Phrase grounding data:
'''
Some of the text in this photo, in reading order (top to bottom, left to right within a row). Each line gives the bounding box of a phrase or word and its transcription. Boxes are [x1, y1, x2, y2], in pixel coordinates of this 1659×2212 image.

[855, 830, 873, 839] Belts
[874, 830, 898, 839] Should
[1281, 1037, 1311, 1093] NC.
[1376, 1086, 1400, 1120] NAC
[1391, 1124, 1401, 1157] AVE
'''
**What is required**
Would you please write out all the entries exactly?

**Exercise answer**
Some of the text in this photo, in reading order (top to bottom, left to right within a row). Each line gives the bounding box of a phrase or word and its transcription. Boxes are [x1, y1, x2, y2], in pixel coordinates of this 1659×2212 image.

[855, 830, 873, 839] Belts
[874, 830, 898, 839] Should
[1281, 1037, 1311, 1093] NC.
[1376, 1086, 1400, 1120] NAC
[1391, 1124, 1401, 1157] AVE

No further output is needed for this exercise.